It’s hard to believe that Juliet Casey’s agenda isn’t driven by malice when she produces an outright libel published in The Irish Times.
By Simon Plosker, Honest Reporting
As part of a series looking at personal experiences under the coronavirus in different parts of the world, The Irish Times interviews Juliet Casey, “originally from Walkinstown, Dublin, but now lives in Palestine, where she teaches ballet.”
Casey is asked “Where do you live now?”
“I live in Palestine with my fiancé Fadi, who is from Jerusalem,” she responds. “We first met in Belgium and eventually I decided to visit him over here for three weeks. Almost four years later I’m still here. Fadi is a circus artist so his projects take him all over the country and overseas fairly regularly. I started teaching ballet and we moved to Haifa, which is a seaside city with a big Palestinian population.”
Haifa, as we ascertain from the rest of the article, is where Casey lives. Haifa, Israel’s third-largest city. Not “Palestine,” as Casey states. So begins what looks like a deliberate effort either on the part of Casey or The Irish Times (or both) to confuse readers and conflate Israel with “Palestine.”
Casey is asked, “Has Covid-19 affected you in Palestine?”
“Covid-19 has really affected everyone here,” shy says. “We are currently in total lockdown and face hefty fines if caught more than 100m from our home. The Israeli government says it has introduced extra phone-tracking to track those who have or may have contracted the virus, but some people here think this is an opportunity for more social control.”
Given the question, you’d think that Israel had locked down the Palestinians and may even be using tracking technology for nefarious purposes. Except Casey and her fiance are actually in Haifa and, like all residents of Israel, subject to coronavirus restrictions in order to protect lives.
The geographical mess continues:
“Each day there is less and less movement,” she says. “At the beginning of the outbreak I had to stop all work in the refugee camps in Bethlehem when it went into lockdown, then Nablus and Ramallah were added to that list, then Nazareth and finally Haifa.”
Bethlehem, Nablus (Shechem) and Ramallah are under the control of the Palestinian Authority, which took action in cooperation with Israel to lock down its major cities due to the coronavirus risk. Nazareth and Haifa are, of course, both Israeli cities. For Casey and The Irish Times, however, there appears to be no differentiation between Israeli and Palestinian population centers, which adds to the impression that Israel is solely responsible for restricting Casey’s movements.
Again, Casey is asked, “How is it being ballet teacher in Palestine?” Yet she talks about teaching in Nazareth, which is also falsely portrayed as Palestinian.
It’s hard to believe that Casey’s agenda isn’t driven by malice when she produces an outright libel: Gaza, the self-governing Palestinian territory, suffers from almost constant bombardment.

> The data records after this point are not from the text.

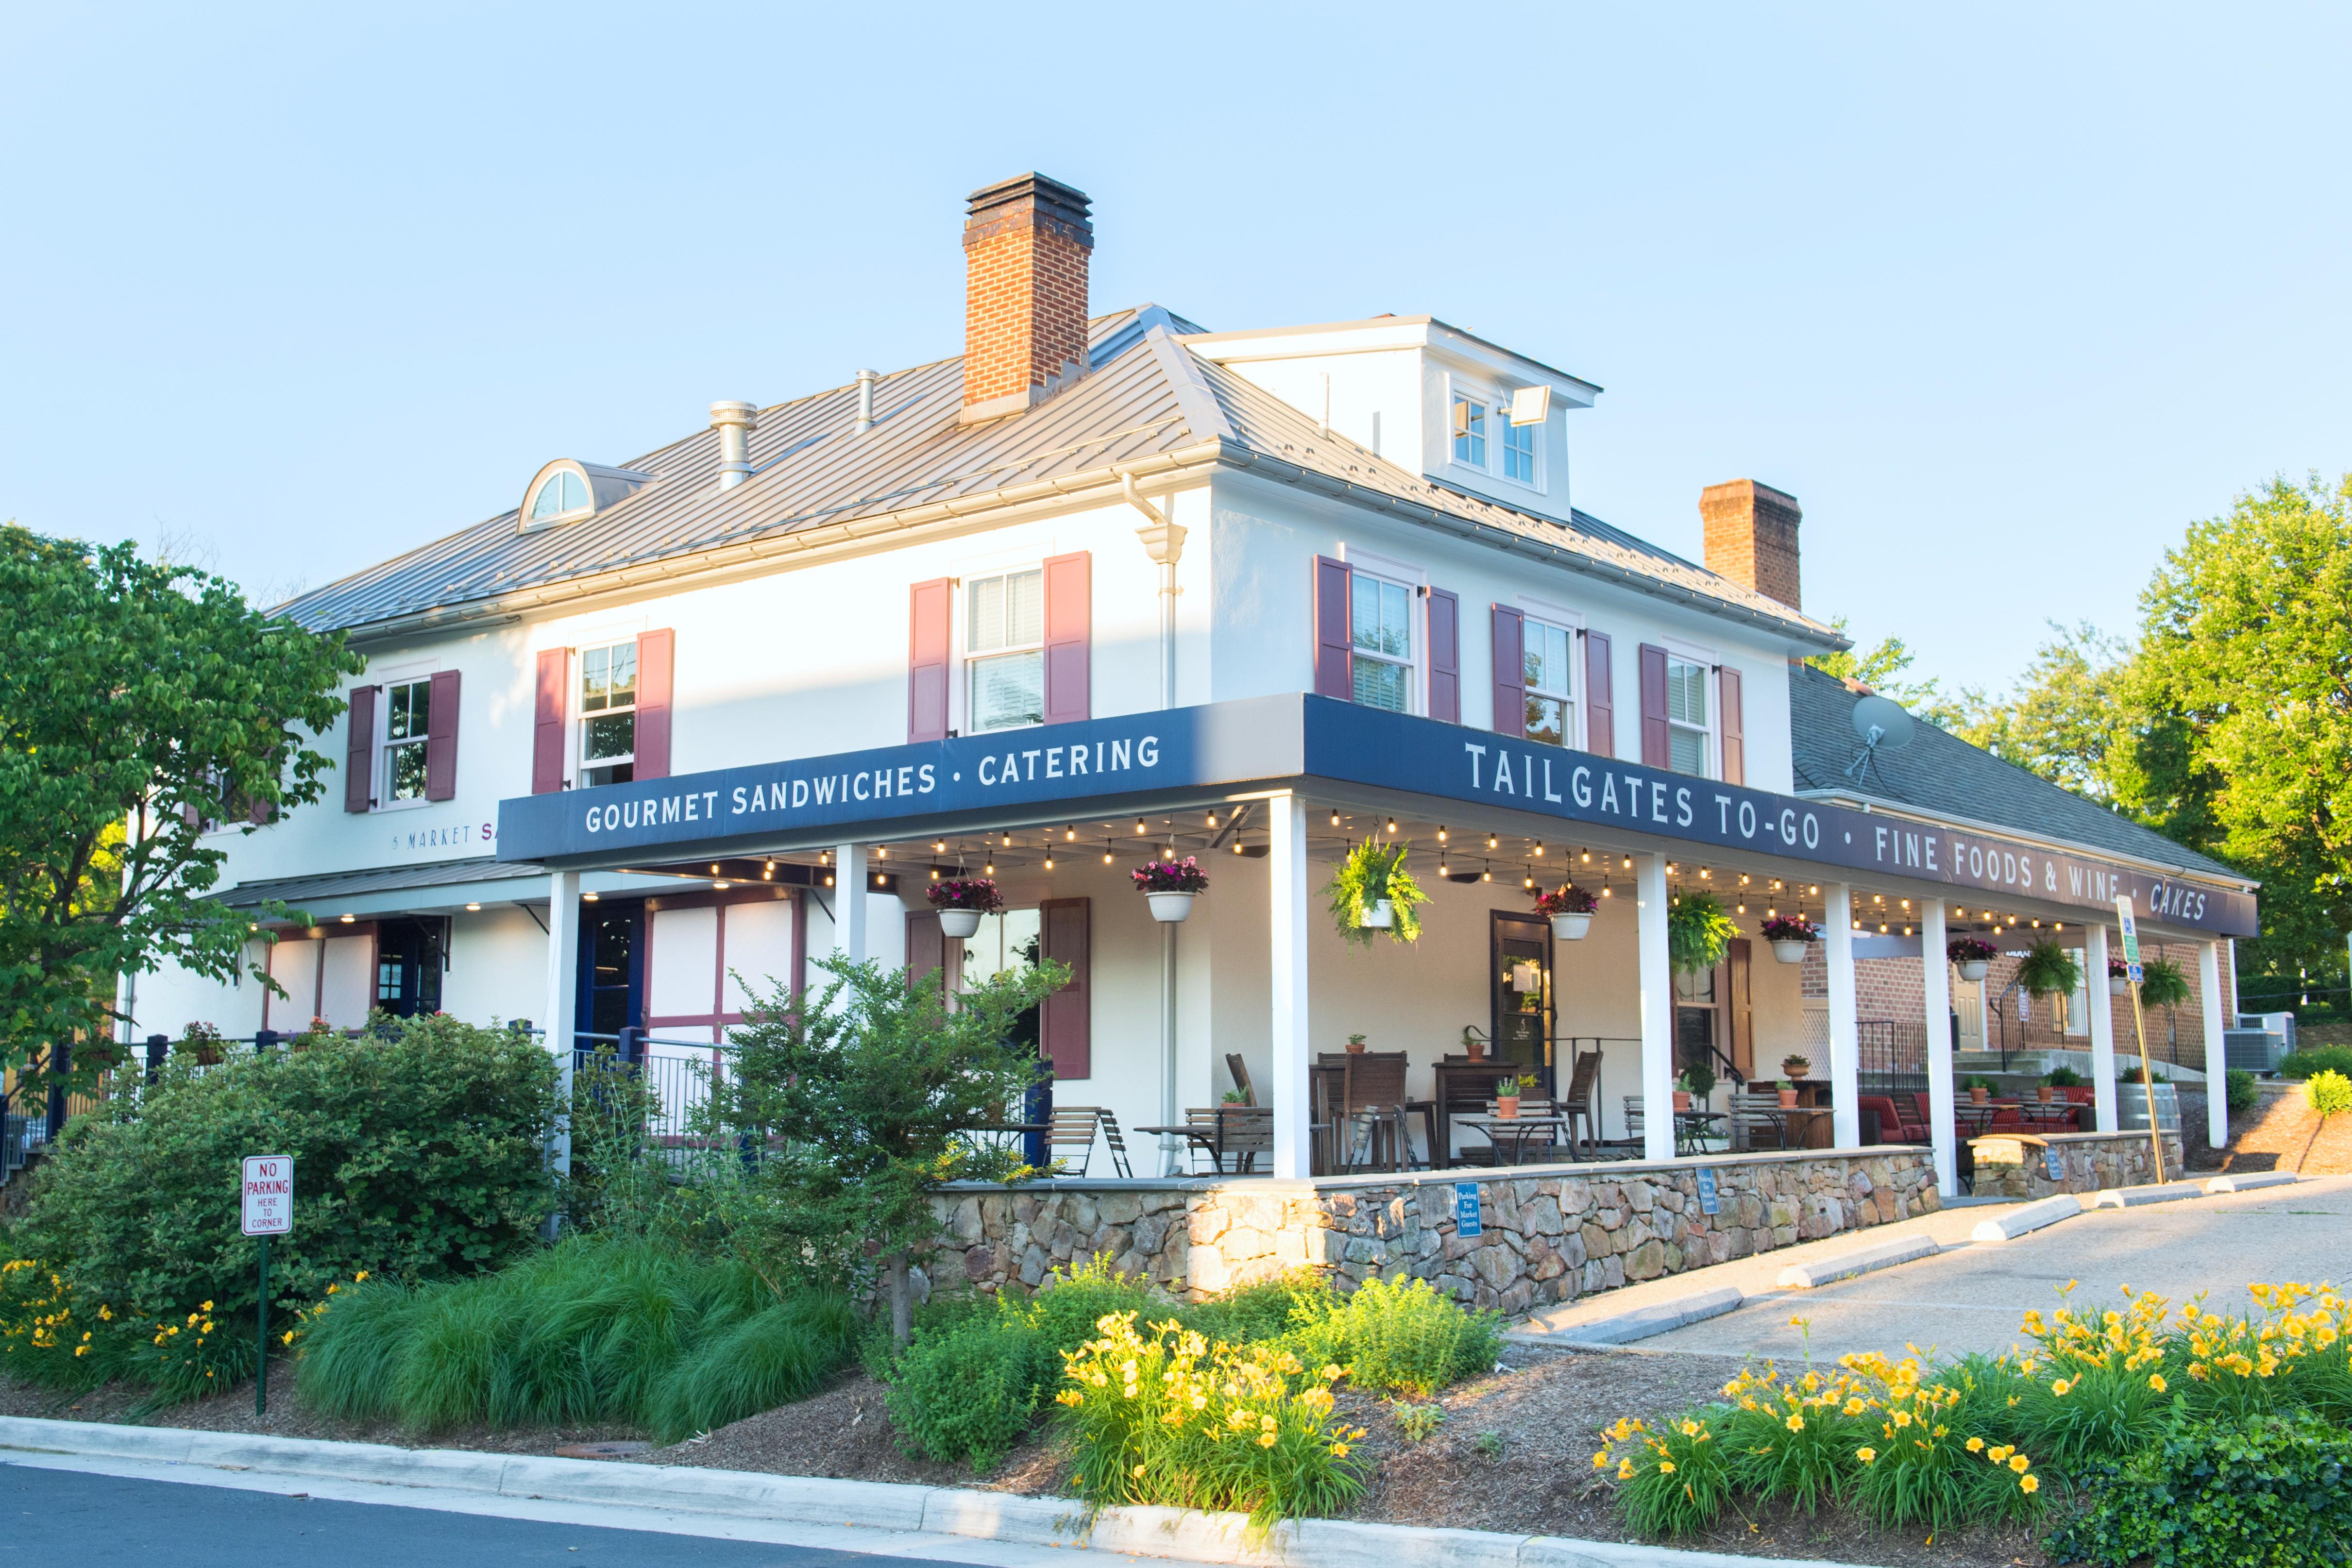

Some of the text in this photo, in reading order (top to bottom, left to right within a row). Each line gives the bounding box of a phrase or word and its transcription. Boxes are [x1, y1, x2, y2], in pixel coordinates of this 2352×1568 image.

[586, 736, 1159, 833] GOURMET SANDWICHES CATERING
[407, 823, 498, 850] MARKET S
[1465, 742, 2206, 921] TAILGATES TO-GO FINE FOODS & WINE CAKES
[259, 1163, 277, 1177] NO
[247, 1180, 288, 1196] PARKING
[258, 1197, 278, 1207] HERE
[1458, 1192, 1477, 1201] Parking
[263, 1208, 272, 1217] TO
[1460, 1210, 1477, 1218] Market
[252, 1218, 283, 1228] CORNER

Gaza is certainly not under “almost constant bombardment.” In fact, if Casey or The Irish Times were interested in the reality of life in the region under the coronavirus threat, the article would have noted that Israel is actually supplying medical supplies and assistance to both Gazans and West Bank (Judea and Samaria) Palestinians during this crisis.

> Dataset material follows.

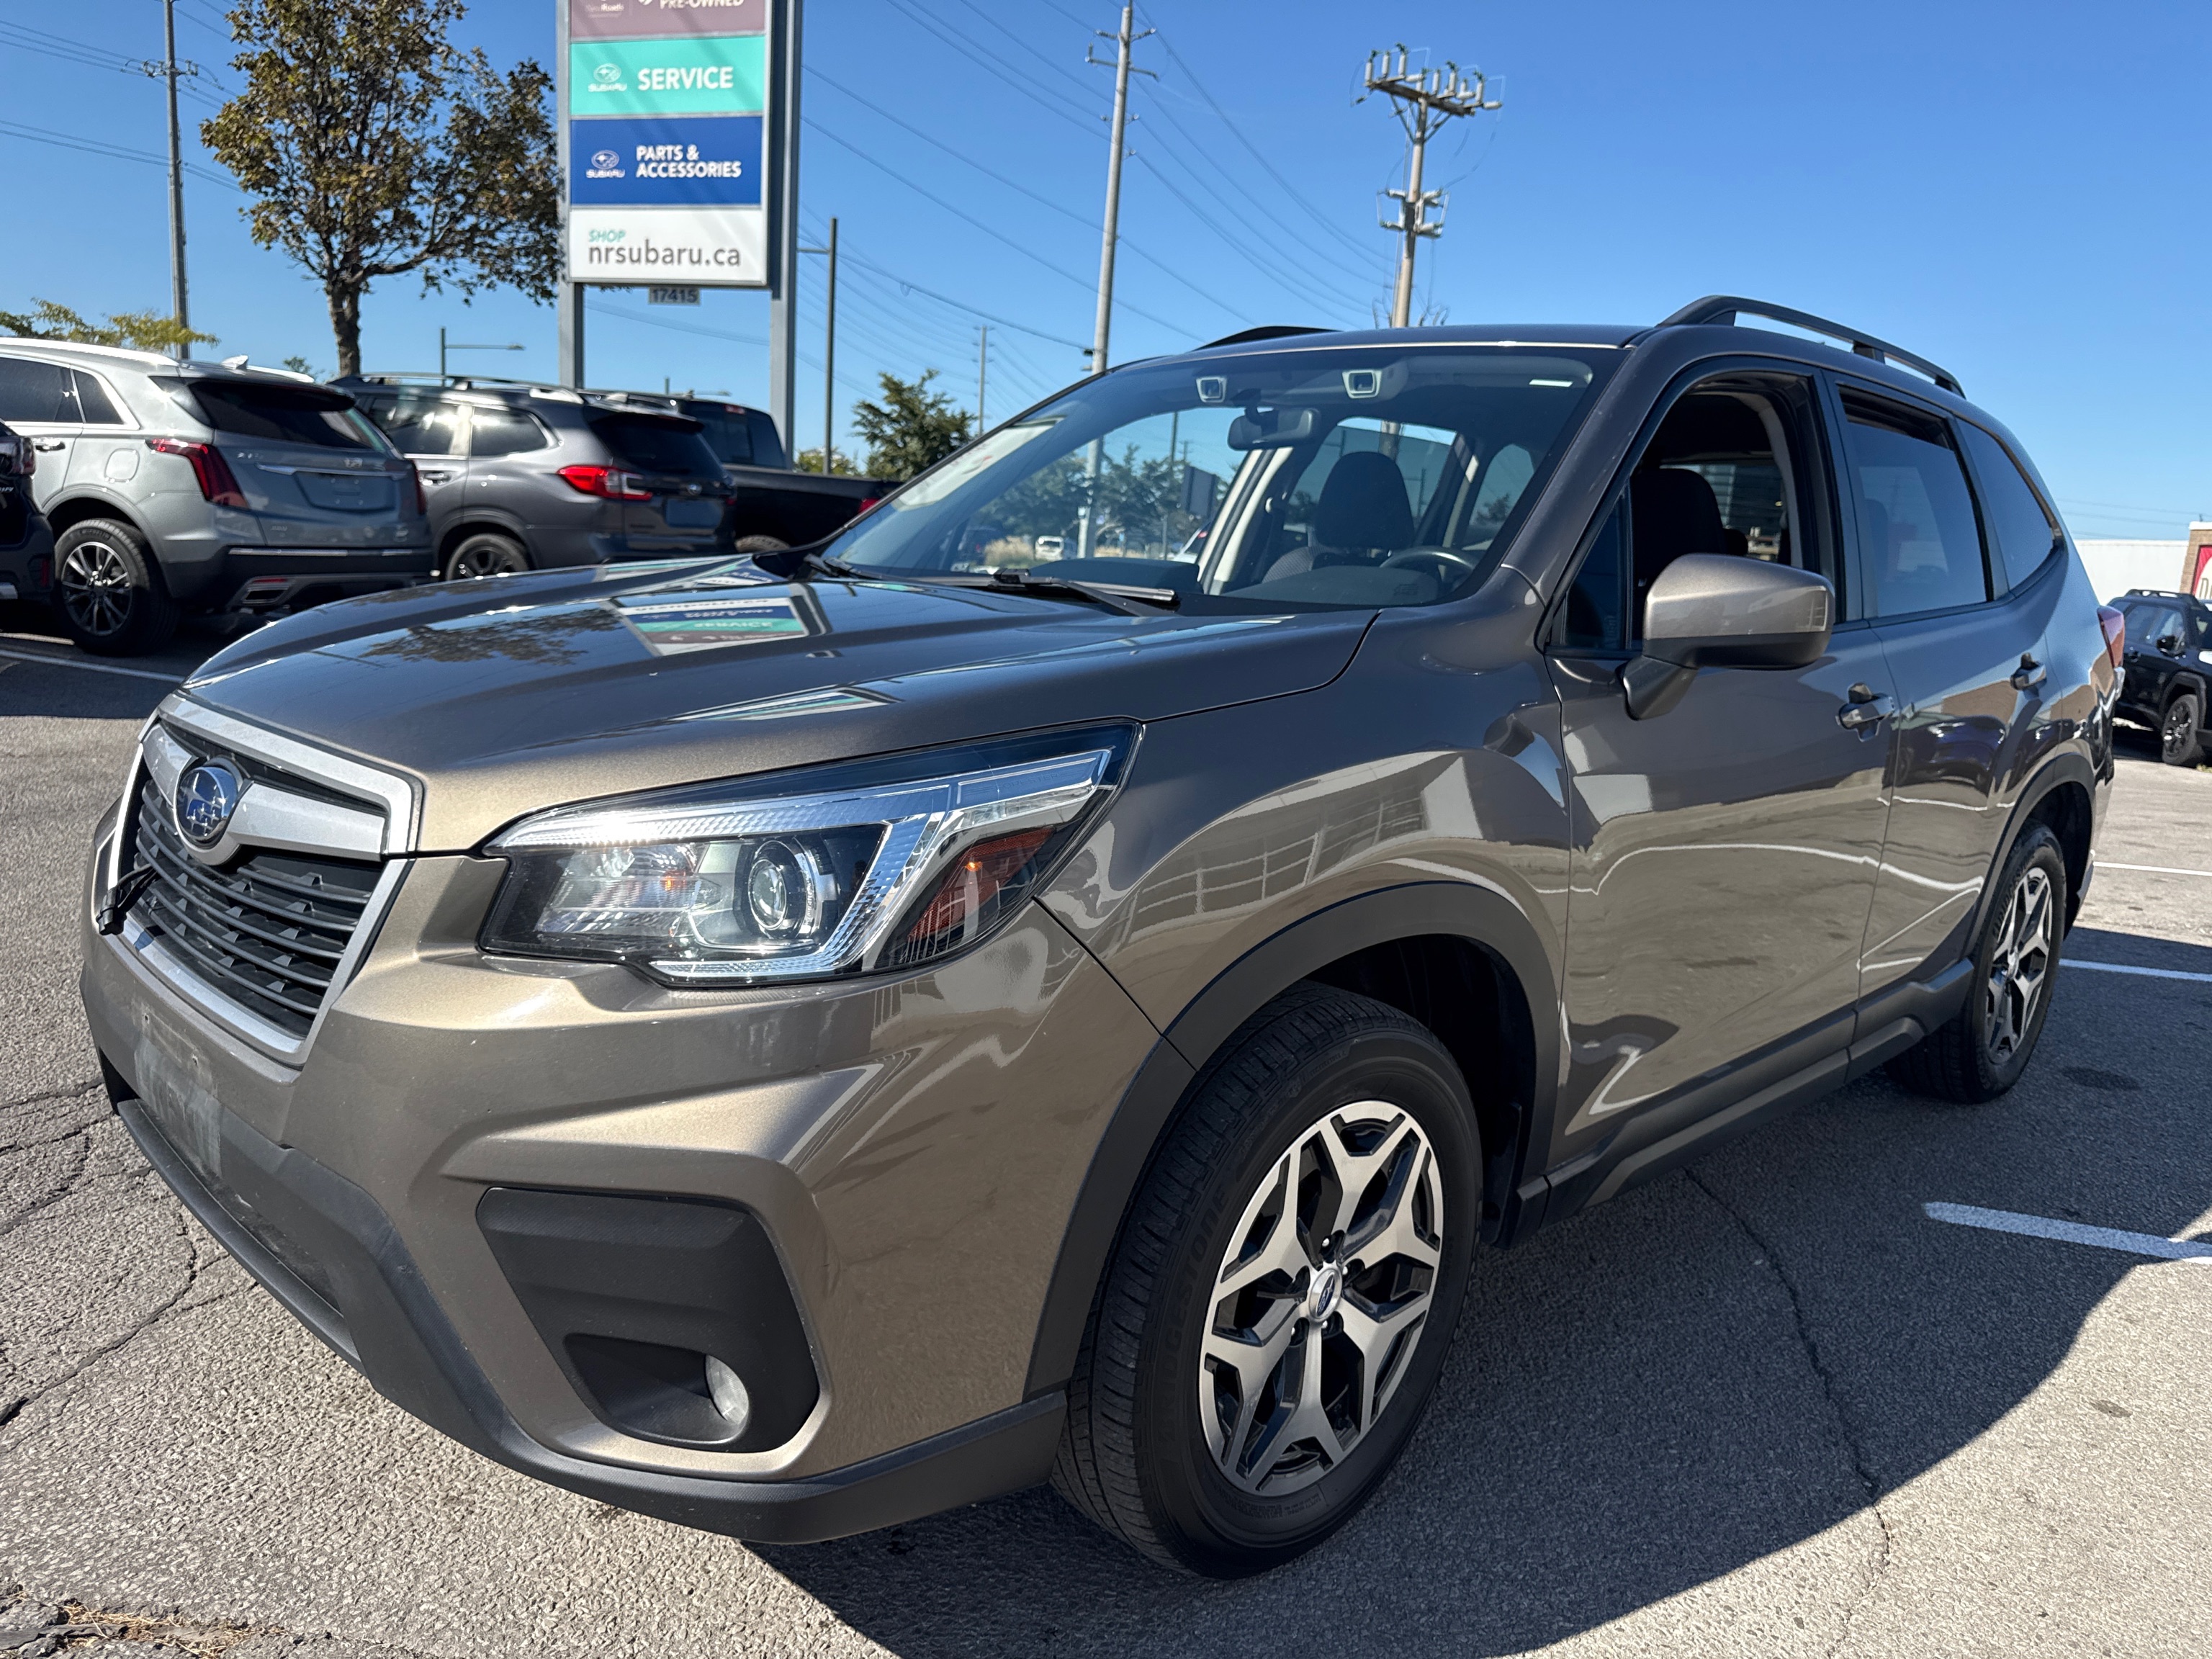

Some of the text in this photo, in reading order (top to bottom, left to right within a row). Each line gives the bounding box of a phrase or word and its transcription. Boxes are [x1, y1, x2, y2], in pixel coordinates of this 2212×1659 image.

Did Casey use the opportunity of a platform in The Irish Times to push an anti-Israel agenda? Given the failure of editors to notice the appalling and confusing errors as well as the libelous claim, it appears that the consistently hostile media outlet was only too happy to go along with it.
Honest Reporting has emailed the editor of The Irish Times to point out the issues and requested corrections and clarifications.